Referring expression grounding data:
————

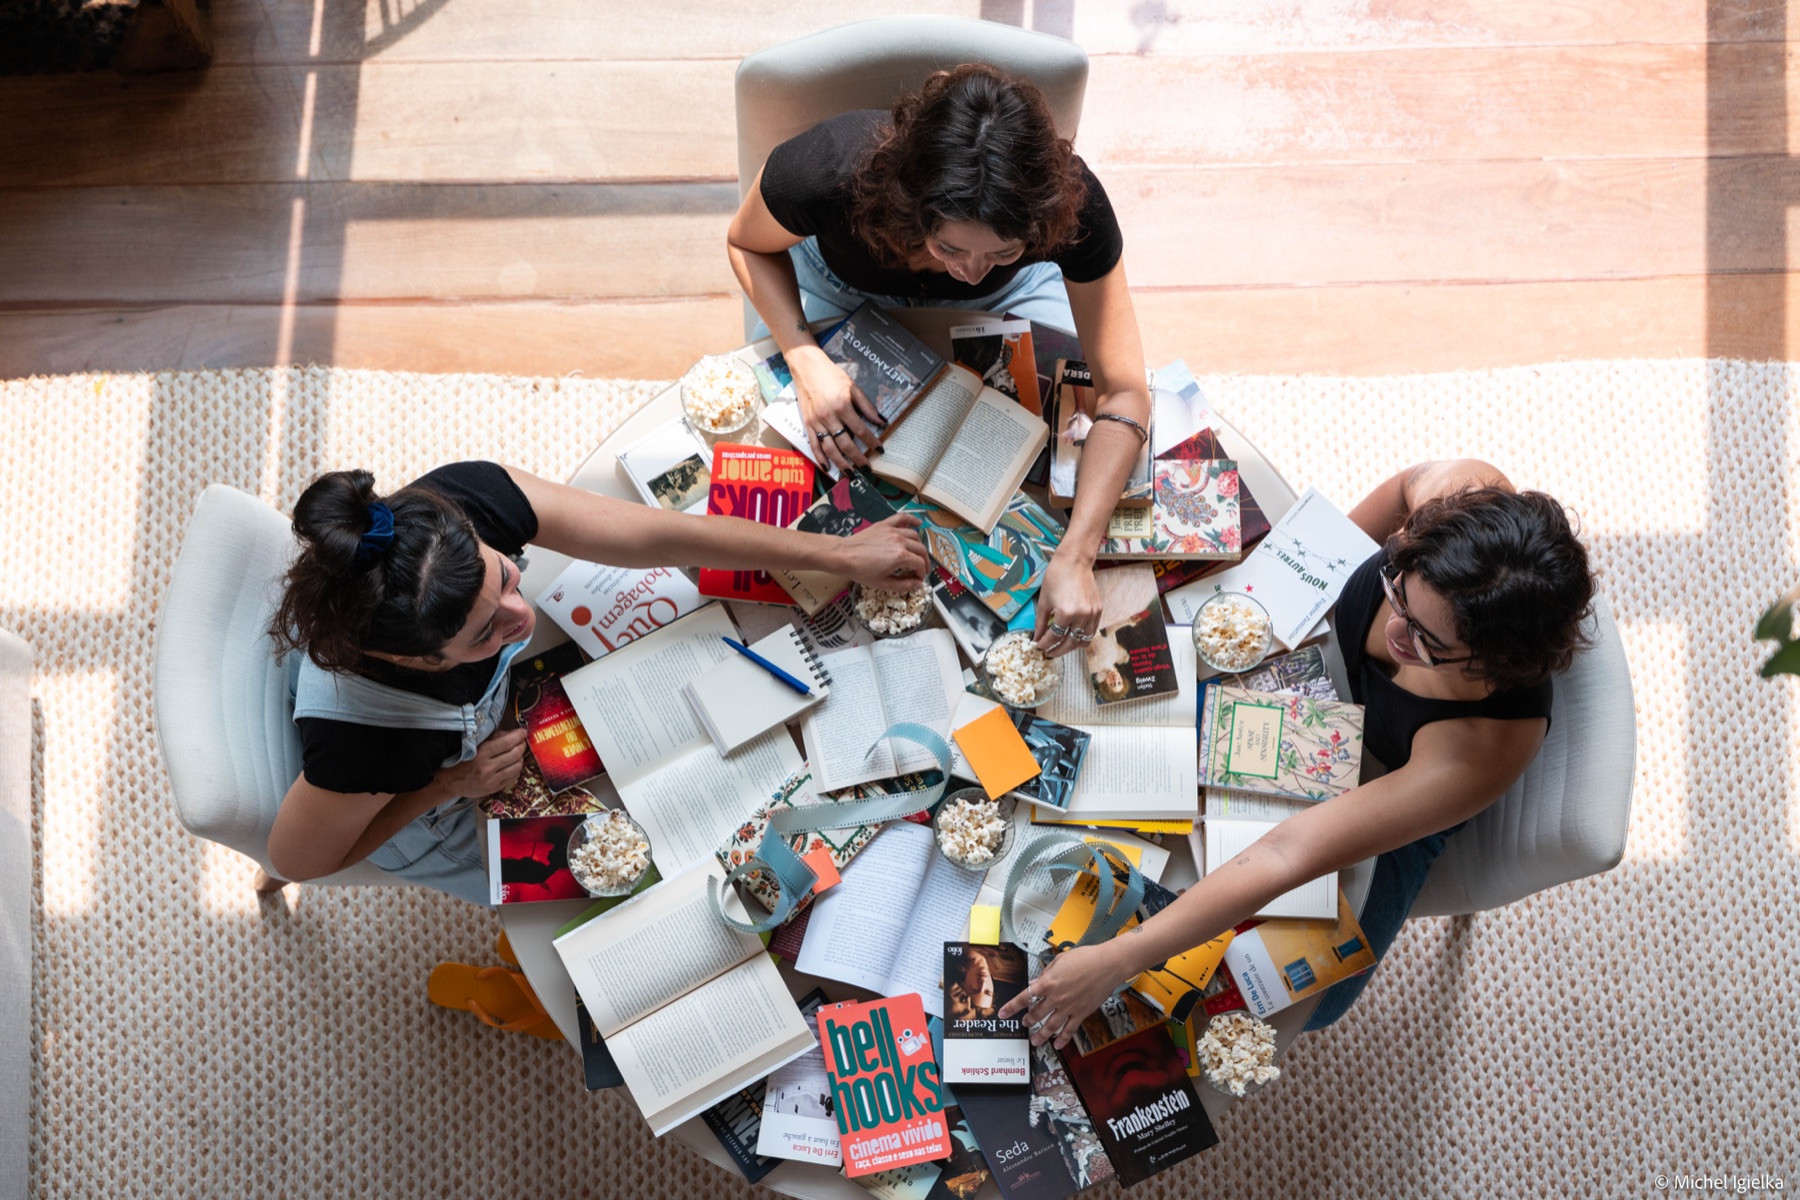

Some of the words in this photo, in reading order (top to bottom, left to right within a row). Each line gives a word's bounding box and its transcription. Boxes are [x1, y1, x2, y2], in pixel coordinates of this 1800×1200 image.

[843, 331, 906, 386] METAMORFOSE
[1063, 369, 1092, 380] DERA
[773, 456, 779, 465] o
[780, 456, 805, 468] sobre
[718, 459, 772, 482] amor
[773, 468, 805, 488] tudo
[1276, 550, 1305, 574] AUTRES
[1300, 572, 1329, 592] NOUS
[598, 566, 672, 630] bobagem
[616, 596, 679, 644] Que
[1135, 676, 1156, 684] Zweig
[533, 716, 581, 744] NTENTEMENT
[947, 946, 962, 956] folio
[1242, 971, 1254, 991] Luca
[1252, 989, 1260, 1001] De
[1256, 1002, 1266, 1015] Erri
[953, 1019, 997, 1032] Reader
[1000, 1019, 1019, 1032] the
[826, 1006, 890, 1078] bell
[997, 1057, 1015, 1066] liseur
[1016, 1057, 1025, 1065] Le
[961, 1067, 990, 1076] Schlink
[991, 1067, 1026, 1076] Bernhard
[827, 1061, 945, 1136] hooks
[1106, 1088, 1191, 1142] Frankenstein
[1136, 1129, 1155, 1141] Mary
[1154, 1119, 1176, 1133] Shelley
[782, 1132, 806, 1142] gauche
[813, 1137, 829, 1147] haut
[850, 1131, 901, 1161] cinema
[900, 1118, 944, 1147] vivido
[792, 1144, 811, 1154] Luca
[812, 1147, 823, 1156] De
[824, 1150, 839, 1159] Erri
[995, 1140, 1030, 1164] Seda
[855, 1157, 872, 1169] raça,
[872, 1154, 893, 1167] classe
[893, 1153, 898, 1161] e
[898, 1150, 914, 1160] sexo
[914, 1147, 926, 1157] nas
[926, 1143, 943, 1155] telas
[1002, 1155, 1033, 1174] Alessandro
[887, 1179, 898, 1190] VÊ
[896, 1173, 914, 1187] NÃO

————

**Task prompt:** Your copy should hold all the data word for word. It should hold no pictures.

**Reply to the task:**
Some of the words in this photo, in reading order (top to bottom, left to right within a row). Each line gives a word's bounding box and its transcription. Boxes are [x1, y1, x2, y2], in pixel coordinates of this 1800×1200 image.

[843, 331, 906, 386] METAMORFOSE
[1063, 369, 1092, 380] DERA
[773, 456, 779, 465] o
[780, 456, 805, 468] sobre
[718, 459, 772, 482] amor
[773, 468, 805, 488] tudo
[1276, 550, 1305, 574] AUTRES
[1300, 572, 1329, 592] NOUS
[598, 566, 672, 630] bobagem
[616, 596, 679, 644] Que
[1135, 676, 1156, 684] Zweig
[533, 716, 581, 744] NTENTEMENT
[947, 946, 962, 956] folio
[1242, 971, 1254, 991] Luca
[1252, 989, 1260, 1001] De
[1256, 1002, 1266, 1015] Erri
[953, 1019, 997, 1032] Reader
[1000, 1019, 1019, 1032] the
[826, 1006, 890, 1078] bell
[997, 1057, 1015, 1066] liseur
[1016, 1057, 1025, 1065] Le
[961, 1067, 990, 1076] Schlink
[991, 1067, 1026, 1076] Bernhard
[827, 1061, 945, 1136] hooks
[1106, 1088, 1191, 1142] Frankenstein
[1136, 1129, 1155, 1141] Mary
[1154, 1119, 1176, 1133] Shelley
[782, 1132, 806, 1142] gauche
[813, 1137, 829, 1147] haut
[850, 1131, 901, 1161] cinema
[900, 1118, 944, 1147] vivido
[792, 1144, 811, 1154] Luca
[812, 1147, 823, 1156] De
[824, 1150, 839, 1159] Erri
[995, 1140, 1030, 1164] Seda
[855, 1157, 872, 1169] raça,
[872, 1154, 893, 1167] classe
[893, 1153, 898, 1161] e
[898, 1150, 914, 1160] sexo
[914, 1147, 926, 1157] nas
[926, 1143, 943, 1155] telas
[1002, 1155, 1033, 1174] Alessandro
[887, 1179, 898, 1190] VÊ
[896, 1173, 914, 1187] NÃO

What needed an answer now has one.